*The problem*
Only the lines running from the line with "this 2048×1536 image." to the end of the records below belong in the answer, each copied exactly.

[Stored data entries]

—————

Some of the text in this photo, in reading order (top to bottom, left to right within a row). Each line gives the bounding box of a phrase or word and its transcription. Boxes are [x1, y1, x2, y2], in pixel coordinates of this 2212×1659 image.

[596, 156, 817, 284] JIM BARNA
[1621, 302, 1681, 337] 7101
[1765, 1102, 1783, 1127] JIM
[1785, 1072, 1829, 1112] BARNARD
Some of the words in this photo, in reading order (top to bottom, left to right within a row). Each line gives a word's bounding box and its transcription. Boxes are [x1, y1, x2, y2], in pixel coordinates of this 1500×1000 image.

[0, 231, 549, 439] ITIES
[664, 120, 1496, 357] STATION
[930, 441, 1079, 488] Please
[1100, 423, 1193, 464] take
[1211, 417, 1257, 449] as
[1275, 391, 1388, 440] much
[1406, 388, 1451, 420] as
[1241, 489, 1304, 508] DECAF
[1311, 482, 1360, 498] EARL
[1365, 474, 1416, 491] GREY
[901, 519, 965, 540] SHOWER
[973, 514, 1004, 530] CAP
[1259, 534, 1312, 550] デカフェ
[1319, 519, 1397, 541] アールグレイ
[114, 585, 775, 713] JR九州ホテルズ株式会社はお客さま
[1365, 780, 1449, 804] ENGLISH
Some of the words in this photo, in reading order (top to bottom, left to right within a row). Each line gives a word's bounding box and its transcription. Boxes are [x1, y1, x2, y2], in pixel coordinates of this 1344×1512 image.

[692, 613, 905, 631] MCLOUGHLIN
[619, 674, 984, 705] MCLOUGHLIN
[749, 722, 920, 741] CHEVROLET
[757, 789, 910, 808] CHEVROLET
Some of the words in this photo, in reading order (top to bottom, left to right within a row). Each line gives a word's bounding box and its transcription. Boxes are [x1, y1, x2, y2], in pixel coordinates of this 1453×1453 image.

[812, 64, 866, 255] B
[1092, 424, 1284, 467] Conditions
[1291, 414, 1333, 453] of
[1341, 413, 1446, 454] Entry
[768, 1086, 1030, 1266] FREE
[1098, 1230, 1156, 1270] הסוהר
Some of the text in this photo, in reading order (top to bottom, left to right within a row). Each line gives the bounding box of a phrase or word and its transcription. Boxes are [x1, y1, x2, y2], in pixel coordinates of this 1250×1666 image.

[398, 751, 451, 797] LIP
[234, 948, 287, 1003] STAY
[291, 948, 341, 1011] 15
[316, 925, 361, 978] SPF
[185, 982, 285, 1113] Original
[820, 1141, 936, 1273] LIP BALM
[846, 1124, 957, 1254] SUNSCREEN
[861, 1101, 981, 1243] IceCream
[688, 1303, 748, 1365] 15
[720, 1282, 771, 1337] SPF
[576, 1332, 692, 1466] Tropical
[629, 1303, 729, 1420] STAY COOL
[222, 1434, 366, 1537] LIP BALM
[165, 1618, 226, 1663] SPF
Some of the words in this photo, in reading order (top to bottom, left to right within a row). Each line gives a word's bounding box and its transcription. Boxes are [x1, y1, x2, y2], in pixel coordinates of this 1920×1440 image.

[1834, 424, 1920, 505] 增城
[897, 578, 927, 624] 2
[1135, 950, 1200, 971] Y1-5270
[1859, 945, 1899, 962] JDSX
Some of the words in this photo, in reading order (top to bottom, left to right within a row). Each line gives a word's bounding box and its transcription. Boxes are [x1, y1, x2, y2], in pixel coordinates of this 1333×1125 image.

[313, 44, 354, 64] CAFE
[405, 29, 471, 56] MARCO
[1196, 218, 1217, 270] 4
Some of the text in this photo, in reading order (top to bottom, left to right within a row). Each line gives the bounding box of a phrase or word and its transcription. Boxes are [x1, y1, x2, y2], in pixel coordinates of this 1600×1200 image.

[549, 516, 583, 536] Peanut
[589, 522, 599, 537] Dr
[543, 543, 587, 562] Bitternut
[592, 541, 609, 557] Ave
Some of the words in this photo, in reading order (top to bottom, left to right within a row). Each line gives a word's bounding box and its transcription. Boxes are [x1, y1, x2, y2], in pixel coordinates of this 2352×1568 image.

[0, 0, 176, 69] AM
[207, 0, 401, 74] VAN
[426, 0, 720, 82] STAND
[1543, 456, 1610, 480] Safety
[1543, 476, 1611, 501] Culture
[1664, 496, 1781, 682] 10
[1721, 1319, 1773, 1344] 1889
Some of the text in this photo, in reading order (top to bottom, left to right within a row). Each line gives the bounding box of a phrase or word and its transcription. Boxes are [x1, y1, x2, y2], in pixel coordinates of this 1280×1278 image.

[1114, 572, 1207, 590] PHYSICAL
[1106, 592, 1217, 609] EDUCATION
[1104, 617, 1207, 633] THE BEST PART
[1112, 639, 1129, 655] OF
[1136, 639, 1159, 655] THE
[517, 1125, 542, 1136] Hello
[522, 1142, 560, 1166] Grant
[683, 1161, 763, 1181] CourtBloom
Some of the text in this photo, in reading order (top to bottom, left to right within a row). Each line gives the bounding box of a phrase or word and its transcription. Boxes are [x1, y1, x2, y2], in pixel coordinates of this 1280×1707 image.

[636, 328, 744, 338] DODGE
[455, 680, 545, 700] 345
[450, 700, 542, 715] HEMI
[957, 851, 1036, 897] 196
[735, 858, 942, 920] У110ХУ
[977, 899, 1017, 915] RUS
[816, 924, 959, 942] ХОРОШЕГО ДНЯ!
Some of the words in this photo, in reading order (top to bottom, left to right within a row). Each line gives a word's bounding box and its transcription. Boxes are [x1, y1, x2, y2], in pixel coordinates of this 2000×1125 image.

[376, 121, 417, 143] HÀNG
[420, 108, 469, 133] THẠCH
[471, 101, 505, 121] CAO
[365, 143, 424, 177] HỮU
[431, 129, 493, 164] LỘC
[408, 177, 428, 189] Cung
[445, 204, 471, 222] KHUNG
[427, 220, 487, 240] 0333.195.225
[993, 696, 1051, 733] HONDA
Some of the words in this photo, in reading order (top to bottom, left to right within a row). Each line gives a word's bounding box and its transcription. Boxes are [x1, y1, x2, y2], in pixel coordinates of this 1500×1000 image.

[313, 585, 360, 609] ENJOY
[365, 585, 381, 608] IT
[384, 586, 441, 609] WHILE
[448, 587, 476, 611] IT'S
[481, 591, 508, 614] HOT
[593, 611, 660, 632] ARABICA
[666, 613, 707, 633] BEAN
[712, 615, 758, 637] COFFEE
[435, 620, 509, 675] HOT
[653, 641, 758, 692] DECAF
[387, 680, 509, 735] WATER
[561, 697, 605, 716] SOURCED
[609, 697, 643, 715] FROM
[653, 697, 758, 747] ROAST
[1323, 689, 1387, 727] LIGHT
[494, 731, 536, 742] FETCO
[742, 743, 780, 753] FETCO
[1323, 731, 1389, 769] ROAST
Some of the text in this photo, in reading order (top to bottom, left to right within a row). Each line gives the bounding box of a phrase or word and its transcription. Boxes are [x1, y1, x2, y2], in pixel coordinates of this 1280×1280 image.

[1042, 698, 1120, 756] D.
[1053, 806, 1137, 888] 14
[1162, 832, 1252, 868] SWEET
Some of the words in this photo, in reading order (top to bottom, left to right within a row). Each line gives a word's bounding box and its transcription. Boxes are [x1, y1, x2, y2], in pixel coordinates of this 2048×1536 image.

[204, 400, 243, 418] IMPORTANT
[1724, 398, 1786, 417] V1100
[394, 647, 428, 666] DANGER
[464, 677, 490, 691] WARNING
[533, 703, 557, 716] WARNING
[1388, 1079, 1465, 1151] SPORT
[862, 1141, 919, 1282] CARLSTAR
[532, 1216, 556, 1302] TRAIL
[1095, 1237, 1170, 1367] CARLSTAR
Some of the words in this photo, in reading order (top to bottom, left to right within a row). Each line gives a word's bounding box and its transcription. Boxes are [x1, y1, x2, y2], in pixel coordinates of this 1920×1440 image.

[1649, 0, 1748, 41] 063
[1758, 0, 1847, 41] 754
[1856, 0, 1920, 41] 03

—————

*Output of the task*
Some of the words in this photo, in reading order (top to bottom, left to right within a row). Each line gives a word's bounding box and its transcription. Boxes are [x1, y1, x2, y2], in pixel coordinates of this 2048×1536 image.

[204, 400, 243, 418] IMPORTANT
[1724, 398, 1786, 417] V1100
[394, 647, 428, 666] DANGER
[464, 677, 490, 691] WARNING
[533, 703, 557, 716] WARNING
[1388, 1079, 1465, 1151] SPORT
[862, 1141, 919, 1282] CARLSTAR
[532, 1216, 556, 1302] TRAIL
[1095, 1237, 1170, 1367] CARLSTAR
Some of the words in this photo, in reading order (top to bottom, left to right within a row). Each line gives a word's bounding box and its transcription. Boxes are [x1, y1, x2, y2], in pixel coordinates of this 1920×1440 image.

[1649, 0, 1748, 41] 063
[1758, 0, 1847, 41] 754
[1856, 0, 1920, 41] 03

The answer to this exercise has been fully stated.